2012年11月01日

成長期の記憶

朝、約束していた宅買いに出かけました。ご近所にお住まいの、おそらく店主の母親ほどのお歳の女性のご依頼。片付け費用が要るなら出しますから、という一件です。

伺ってみると、確かに二階から降ろして片付けることが、嘘偽りない願望であることが分かりました。しかし肝心の本は、どうも小店向きのものではありません。

もう少し腰の状態がよければ、勤労奉仕と割り切って引き取ってきても良かったのですが、申し訳ありませんがと、ご辞退して引き返しました。

イメージ (88)イメージ (90)午後から店の片づけを始め、見つかった雑誌二冊。昭和30年の発行ですが、表紙を見ても、正直もう一つ魅力を感じません。自分で言っていては仕方ありませんが。
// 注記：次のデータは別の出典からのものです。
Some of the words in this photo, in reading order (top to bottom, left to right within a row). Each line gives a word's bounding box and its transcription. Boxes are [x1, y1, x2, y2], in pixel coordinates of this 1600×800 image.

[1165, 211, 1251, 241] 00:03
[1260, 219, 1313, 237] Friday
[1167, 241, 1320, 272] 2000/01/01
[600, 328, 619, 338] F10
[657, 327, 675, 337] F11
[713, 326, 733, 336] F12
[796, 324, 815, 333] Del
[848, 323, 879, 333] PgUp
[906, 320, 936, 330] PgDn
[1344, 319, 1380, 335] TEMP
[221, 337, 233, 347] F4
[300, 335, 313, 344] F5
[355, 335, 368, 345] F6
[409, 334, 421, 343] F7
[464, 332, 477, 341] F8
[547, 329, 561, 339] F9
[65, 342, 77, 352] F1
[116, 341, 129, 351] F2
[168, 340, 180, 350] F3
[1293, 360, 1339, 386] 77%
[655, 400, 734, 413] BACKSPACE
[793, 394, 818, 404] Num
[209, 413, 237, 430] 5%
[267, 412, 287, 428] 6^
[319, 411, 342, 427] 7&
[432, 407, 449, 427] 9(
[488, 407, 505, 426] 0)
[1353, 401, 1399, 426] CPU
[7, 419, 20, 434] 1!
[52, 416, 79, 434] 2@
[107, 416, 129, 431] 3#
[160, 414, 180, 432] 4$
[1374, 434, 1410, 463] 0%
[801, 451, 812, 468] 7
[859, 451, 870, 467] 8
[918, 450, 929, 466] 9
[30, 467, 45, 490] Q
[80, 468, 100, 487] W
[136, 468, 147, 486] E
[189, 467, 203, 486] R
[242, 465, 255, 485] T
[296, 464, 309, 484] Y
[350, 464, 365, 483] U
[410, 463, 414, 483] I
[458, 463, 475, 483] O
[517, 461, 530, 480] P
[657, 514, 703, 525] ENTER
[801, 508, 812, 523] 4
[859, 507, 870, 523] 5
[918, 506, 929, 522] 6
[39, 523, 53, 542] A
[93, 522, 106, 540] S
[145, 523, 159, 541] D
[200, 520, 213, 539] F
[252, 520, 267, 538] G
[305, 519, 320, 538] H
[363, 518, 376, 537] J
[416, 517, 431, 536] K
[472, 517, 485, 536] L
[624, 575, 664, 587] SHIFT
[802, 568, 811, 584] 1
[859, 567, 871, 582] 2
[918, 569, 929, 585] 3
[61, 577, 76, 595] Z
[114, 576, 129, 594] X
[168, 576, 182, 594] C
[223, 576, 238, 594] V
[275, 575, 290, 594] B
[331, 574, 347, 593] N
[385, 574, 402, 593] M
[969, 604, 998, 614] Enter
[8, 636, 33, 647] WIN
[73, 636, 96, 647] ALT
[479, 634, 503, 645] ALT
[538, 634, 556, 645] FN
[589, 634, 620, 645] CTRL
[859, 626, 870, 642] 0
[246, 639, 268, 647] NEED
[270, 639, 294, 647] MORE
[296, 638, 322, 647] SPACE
イメージ (89)しかし一冊をひっくり返して、思わず惹きつけられました。まず「中原ひとみ」の若いこと。そしてラジオの広告の片隅で売られているテレビの高いこと。今と比べても高い。当時の物価を考えると、途方もなく高い。

フランク永井の『13800円』は、昭和32年発売。当時の平均的な大卒初任給を歌ったと言われています。つまり17吋テーブル型は、新入エリートの月給ほぼ一年分であったわけです。

小津の『お早よう』は、子たちが親にテレビをねだる話ですが、制作は昭和34年。笠智衆のお父さんが買えるほどには、安くなっていたのでしょうか。

そういえば映画『三丁目の夕日』も、テレビが重要な役回りを果たしていました。こちらの舞台設定は東京タワーが出来る頃ですから、昭和33年。

イメージ (91)ついでに他の電化製品も眺めていると、様々な思いが湧いてきます。昭和30年の時点で考えると、この中ではラジオくらいしか、我が家にはなかった。それは、まず確かです。

しかしこの5年後には、テレビを初め、色々な電化製品が揃い始めておりました。そういう時代だったのですね。

時おり風はあっても、昨日より暖か。リタイア世代(つまり店主と同年輩)の男性の姿が目に付いた一日でした。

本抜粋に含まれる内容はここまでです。